A solution has been found to solve the challenge of finding space for enough electric vehicle charging points in dense urban environments such as cities, after a road in London has converted lampposts to provide power to EVs.
Dubbed ‘electric avenue’, the half a mile stretch of residential road in Westminster has had 24 lampposts converted into EV charging points, which is an innovative method to use existing infrastructure rather than finding space to build dedicated charging stations.
The project is a collaboration between Siemens, along with ubitricity and Westminster City Council, and it the first ‘electric avenue’ in the UK. Residents can now charge EVs at various locations along Sutherland Avenue in London, with a further two adjoining roads due to be completed in the coming weeks.
The launch follows research conducted by Siemens showing over a third (36%) of British motorists planned to buy a hybrid or electric vehicle as their next car, with two in five people (40%) saying that a lack of charging points stopped them from doing so sooner. This makes it the biggest factor deterring motorists from purchasing an electric or hybrid vehicle.
‘Electric Avenue, W9’ showcases a shift in attitudes towards EVs that Britain’s capital is experiencing. Data shows 80% of motorists in central London believe it is ‘very important’ that air quality is improved, and 83%have become more concerned about their carbon footprint in the past five years. Westminster has seen a 40% growth in EVs charged in the borough during 2019.
Westminster City Council currently has more EV points than any UK local authority, with a total of 296 lamp column charge points in the city, 24 of which are located on ‘Electric Avenue, W9’. There are plans to reach a thousand charge points across Westminster City Council within the next year, as it has twice the number of locally registered EVs than any other inner London borough, and the most among all the other London boroughs.
Siemens and ubitricity have now completed over 1,300 installations covering the breadth of the city, significantly funded from the Go Ultra Low Cities Scheme, supporting Mayor of London, Sadiq Khan’s #LetLondonBreathe campaign and leading the way to improve London’s air quality.

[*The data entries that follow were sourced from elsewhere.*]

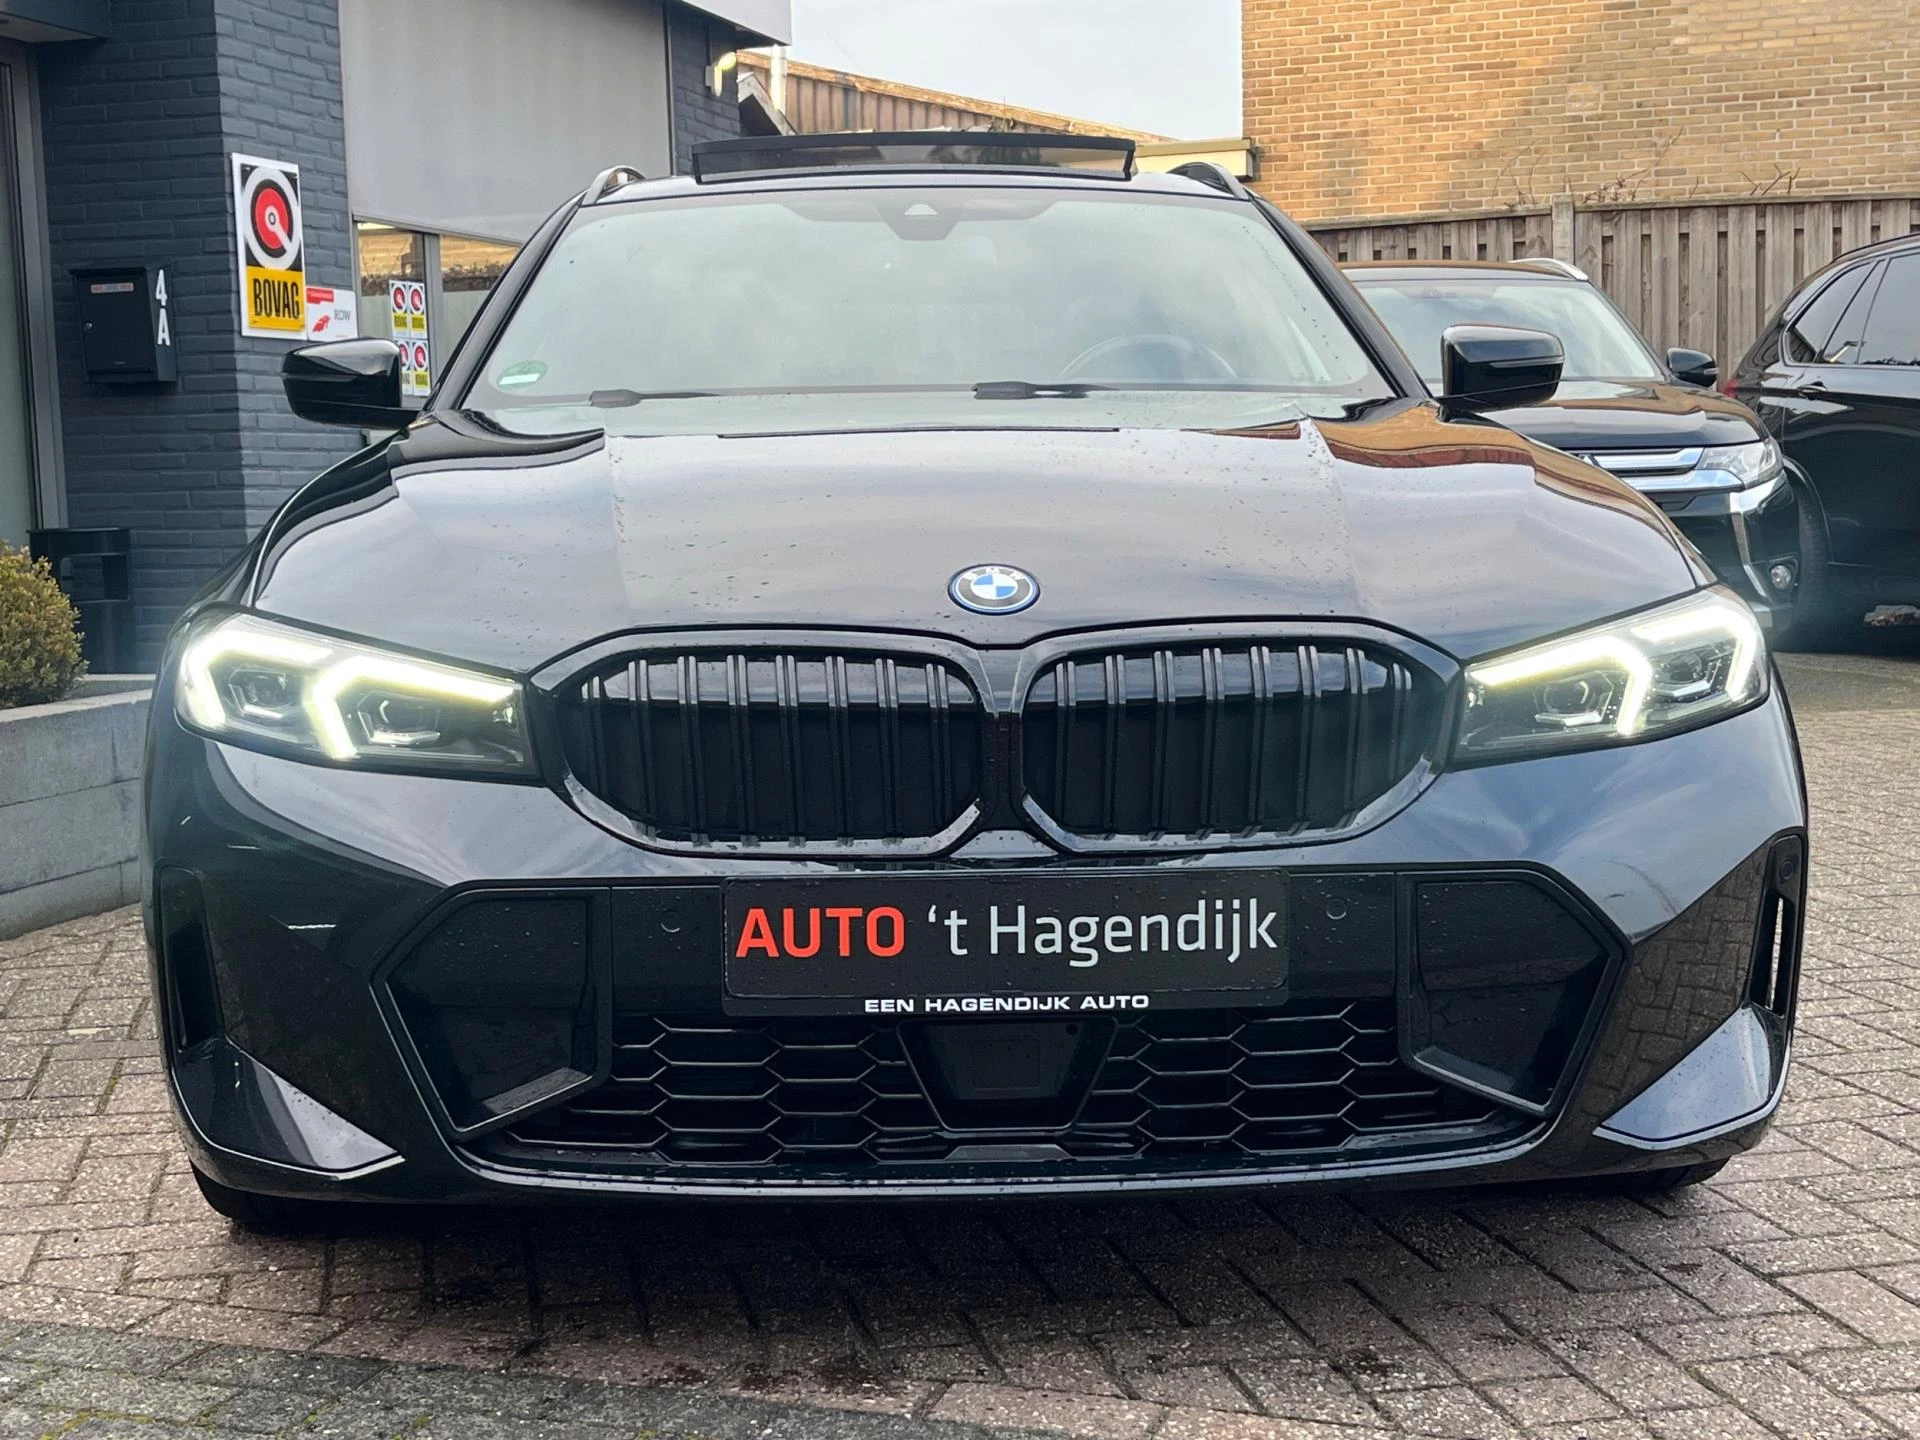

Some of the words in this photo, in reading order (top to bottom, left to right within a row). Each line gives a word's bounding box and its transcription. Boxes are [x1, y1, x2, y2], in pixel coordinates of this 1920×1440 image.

[252, 278, 300, 320] BOVAG
[961, 567, 1024, 581] BMW
[736, 906, 905, 958] AUTO
[990, 897, 1279, 968] Hagendijk
[864, 998, 914, 1014] EEN
[925, 996, 1071, 1013] HAGENDIJK
[1080, 994, 1150, 1011] AUTO

“We know that half of London’s air pollution is caused by road transport and Westminster is a particularly busy area. While we cannot solve the challenge of air quality overnight, ‘Electric Avenue W9’ is an important showcase of what’s possible using existing city infrastructure. It illustrates how residential streets will look in the near future, and accelerates the shift to zero emission vehicles,” said Cedrik Neike, member of the managing board of Siemens AG and CEO of Siemens Smart Infrastructure.
“In a city that suffers from some of the worst air pollution in the country, we need to be supporting the change to green technology as much as we can. ‘Electric Avenue, W9’ gives us a glimpse into the future of streets in Westminster, where we hope to provide the infrastructure needed for our residents to make the switch to cleaner, greener transport,” said Cllr Andrew Smith, Westminster City Council cabinet member for Environment & Highways.